== Records provided
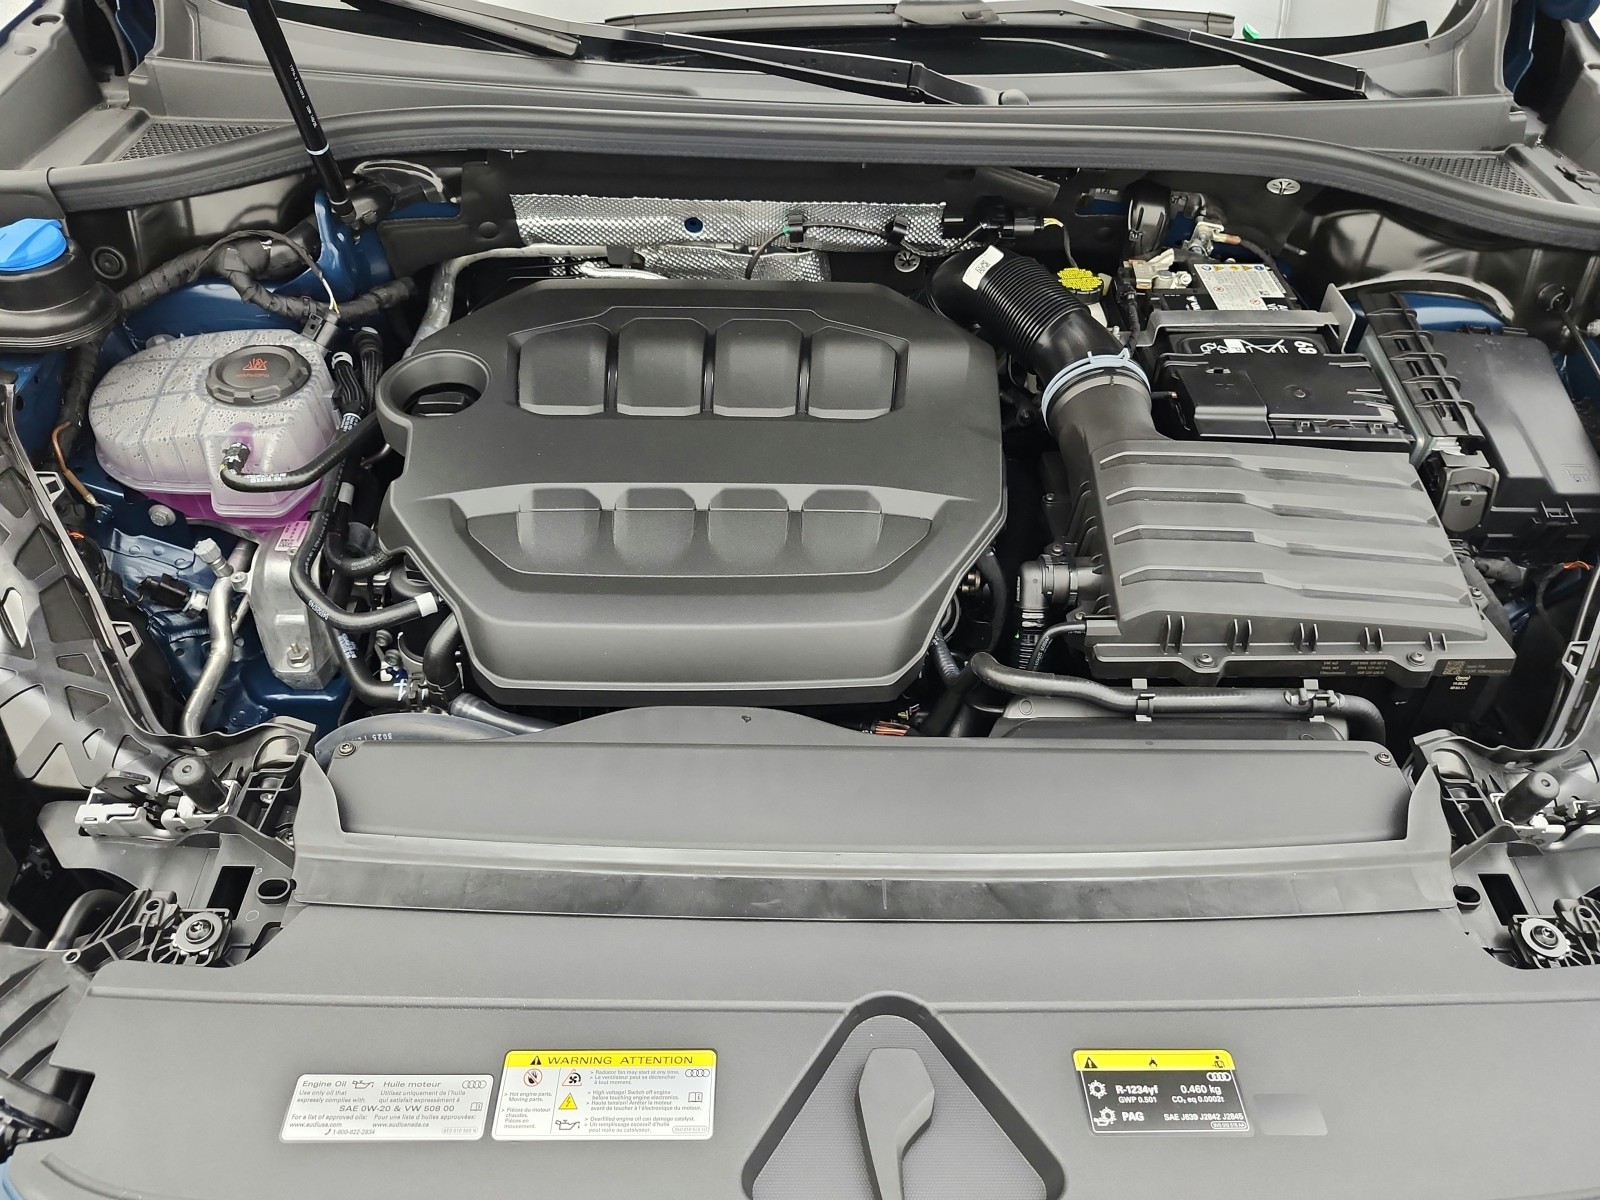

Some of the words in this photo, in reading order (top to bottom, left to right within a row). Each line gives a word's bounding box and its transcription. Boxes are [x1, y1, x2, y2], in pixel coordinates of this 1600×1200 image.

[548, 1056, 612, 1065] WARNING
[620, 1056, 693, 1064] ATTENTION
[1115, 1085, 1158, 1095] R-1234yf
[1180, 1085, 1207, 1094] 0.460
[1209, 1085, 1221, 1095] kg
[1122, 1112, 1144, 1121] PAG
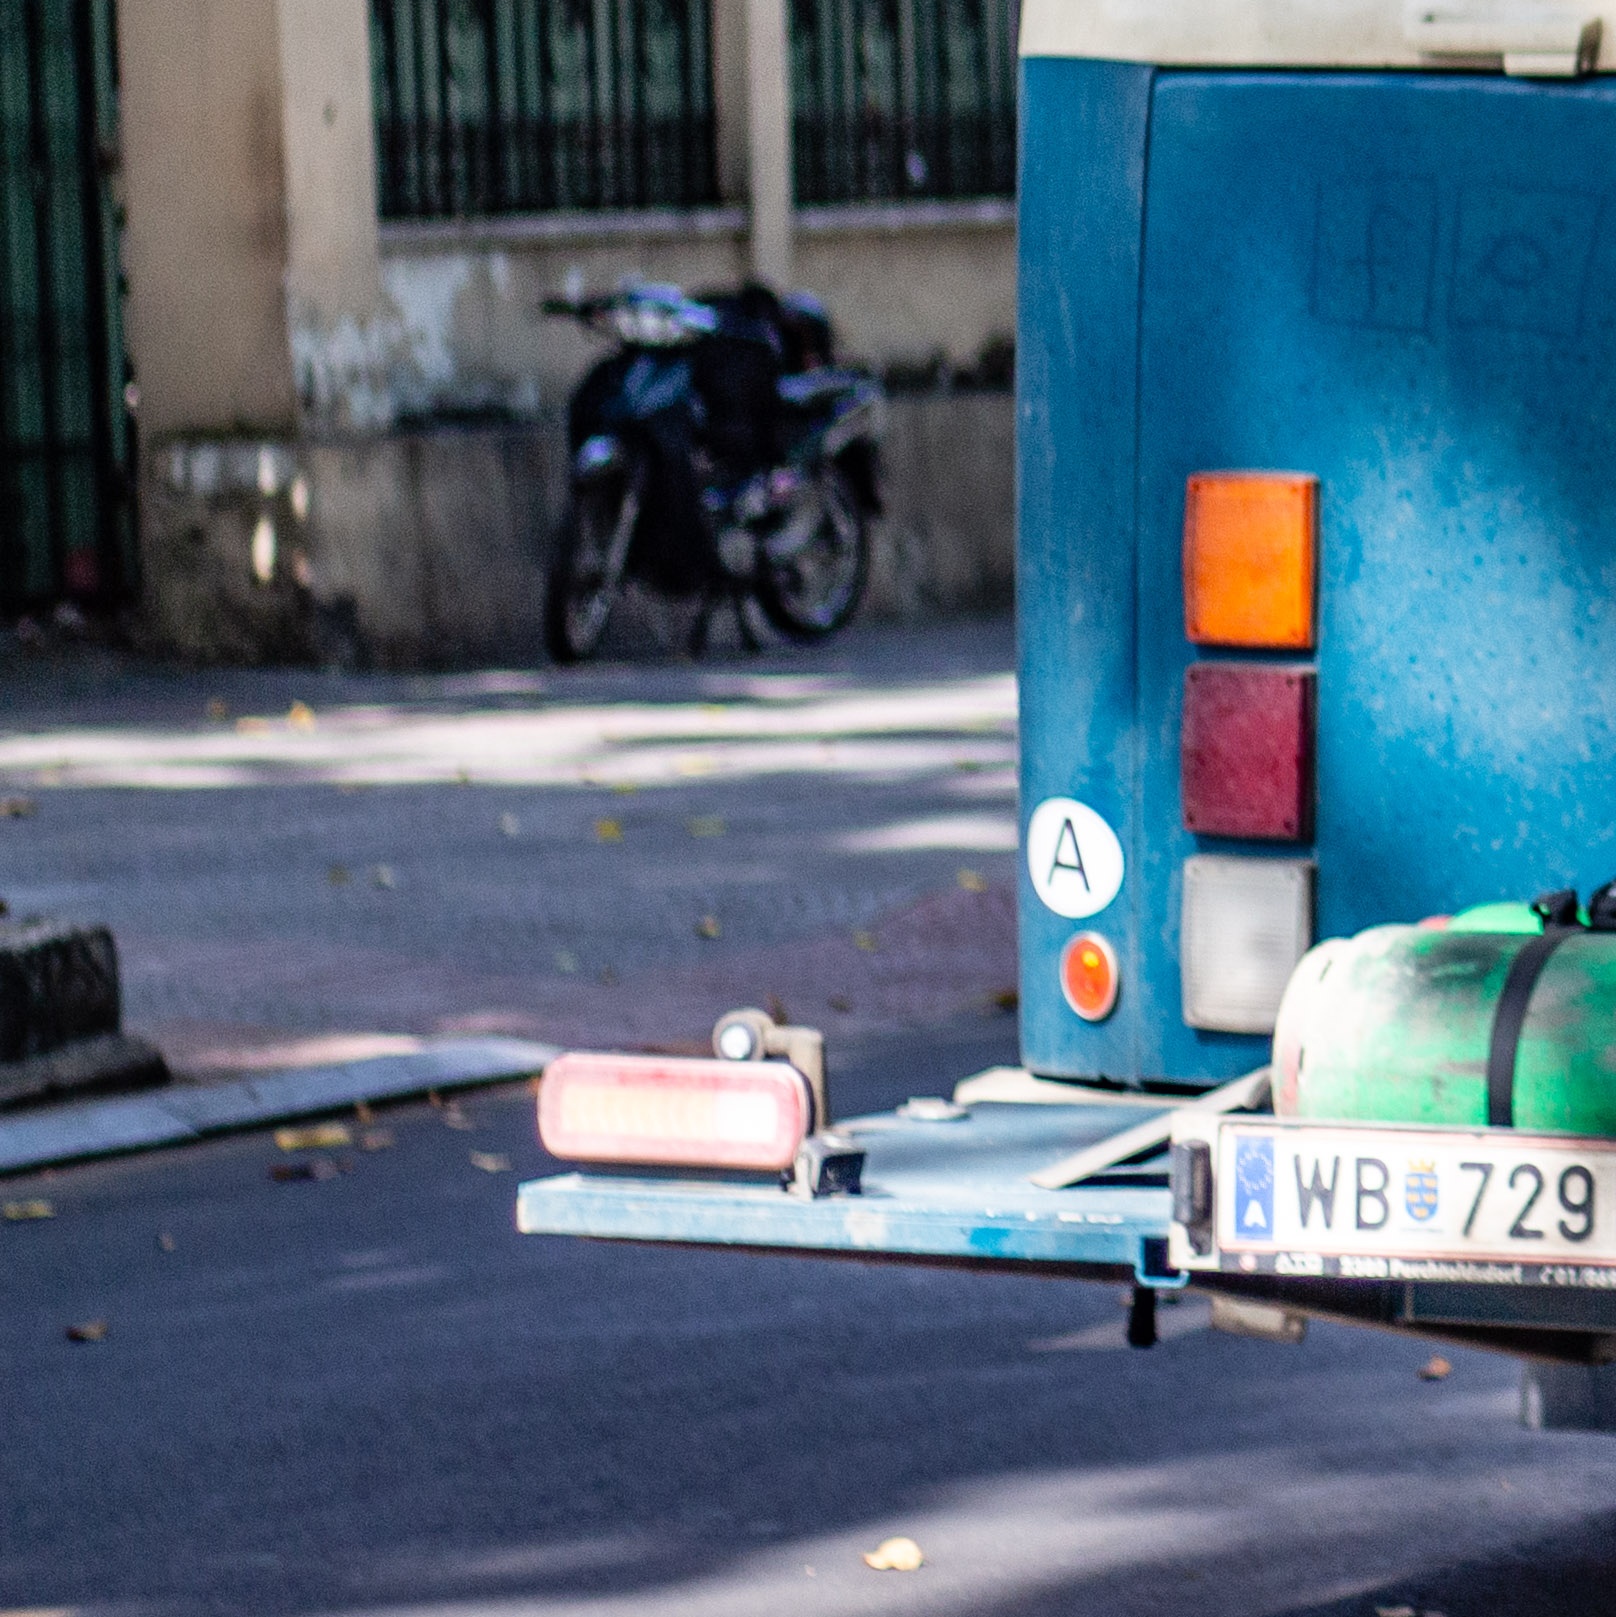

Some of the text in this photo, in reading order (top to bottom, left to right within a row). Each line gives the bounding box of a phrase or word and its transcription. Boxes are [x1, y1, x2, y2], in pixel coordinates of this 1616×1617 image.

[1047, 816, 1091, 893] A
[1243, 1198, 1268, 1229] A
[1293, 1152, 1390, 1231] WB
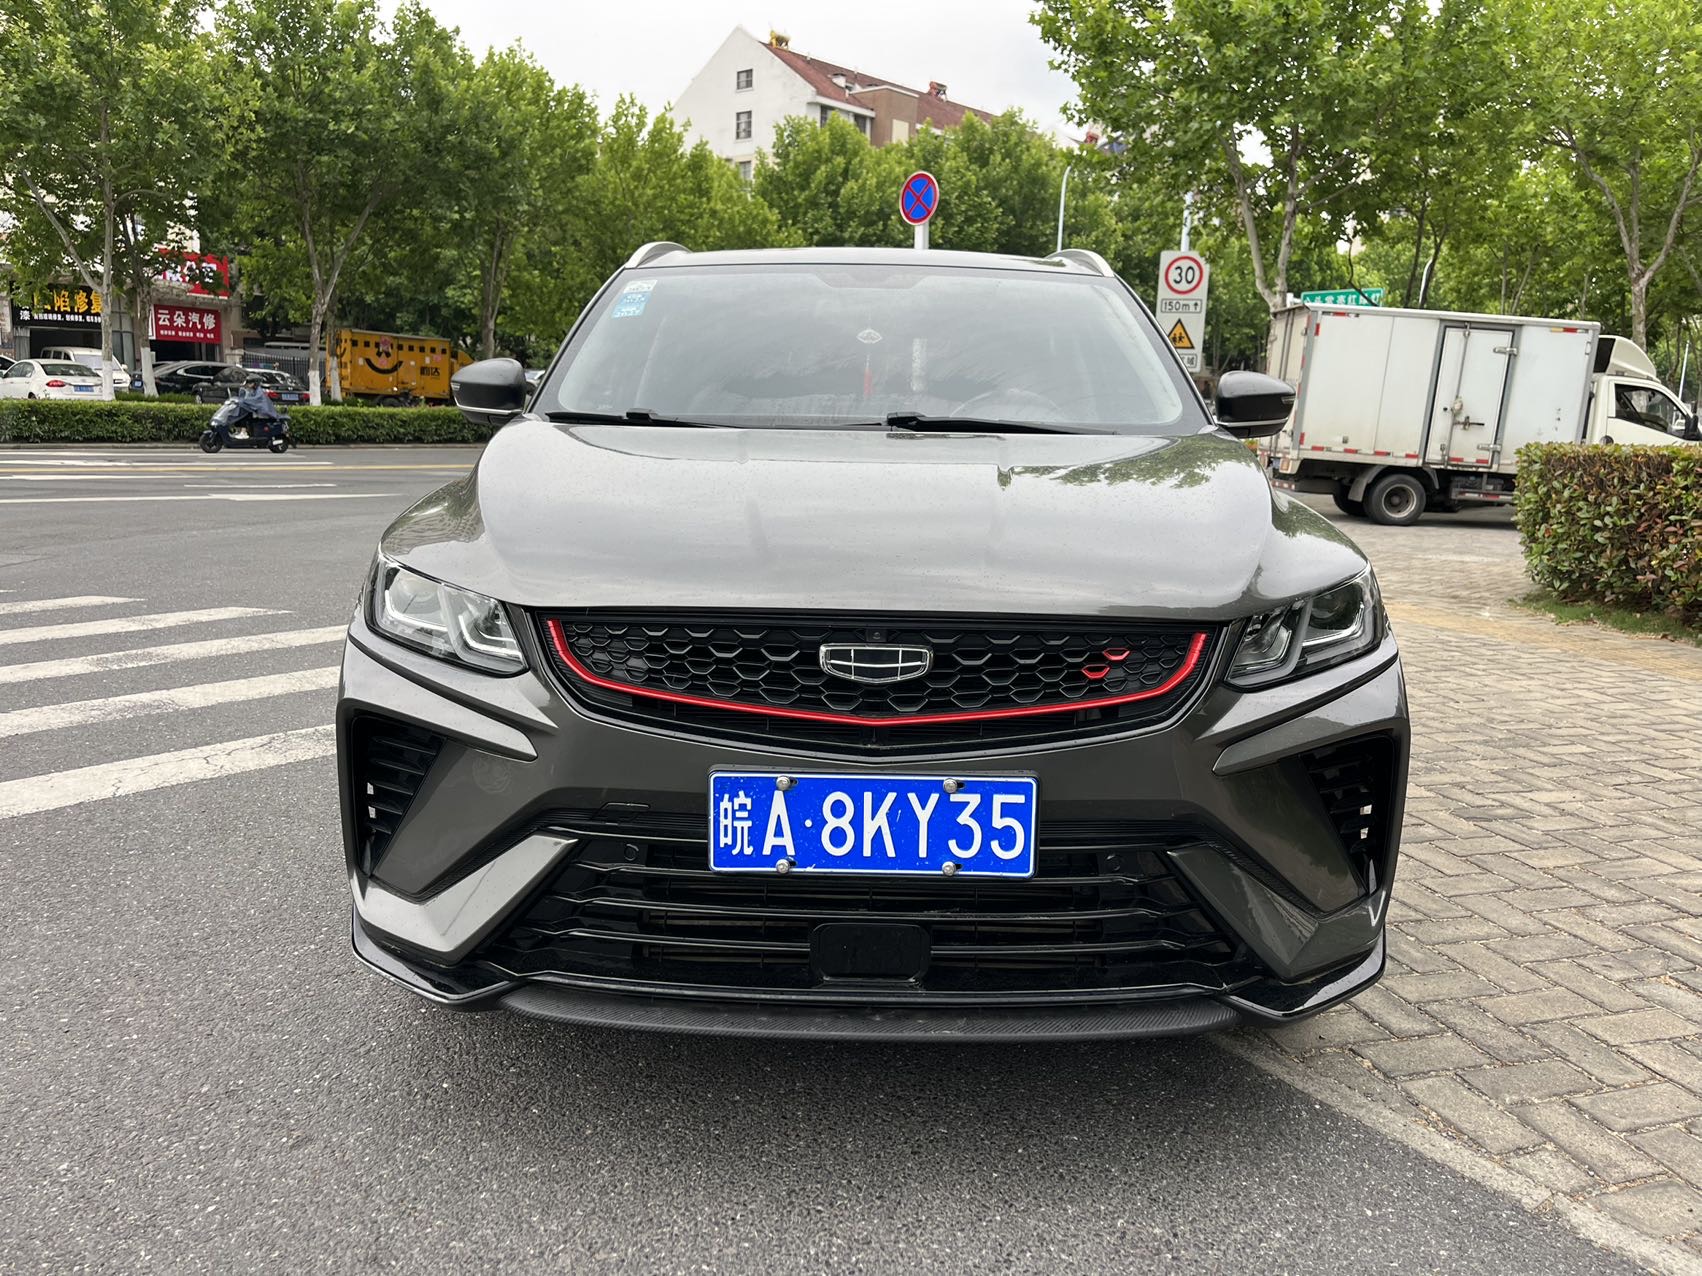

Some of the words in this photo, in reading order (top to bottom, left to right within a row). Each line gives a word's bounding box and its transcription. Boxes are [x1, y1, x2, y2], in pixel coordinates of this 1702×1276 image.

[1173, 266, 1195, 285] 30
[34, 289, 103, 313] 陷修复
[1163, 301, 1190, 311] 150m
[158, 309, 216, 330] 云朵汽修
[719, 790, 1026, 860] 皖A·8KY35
====
Retype, word for word, the line containing "Some of the text" and each line after it through the end of the data, leaving any picture out.

Some of the text in this photo, in reading order (top to bottom, left to right within a row). Each line gives the bounding box of a phrase or word and its transcription. Boxes are [x1, y1, x2, y2], in pixel coordinates of this 1616×1617 image.

[1047, 816, 1091, 893] A
[1243, 1198, 1268, 1229] A
[1293, 1152, 1390, 1231] WB

Some of the words in this photo, in reading order (top to bottom, left to right within a row). Each line gives a word's bounding box and its transcription. Boxes are [x1, y1, x2, y2], in pixel coordinates of this 1702×1276 image.

[1173, 266, 1195, 285] 30
[34, 289, 103, 313] 陷修复
[1163, 301, 1190, 311] 150m
[158, 309, 216, 330] 云朵汽修
[719, 790, 1026, 860] 皖A·8KY35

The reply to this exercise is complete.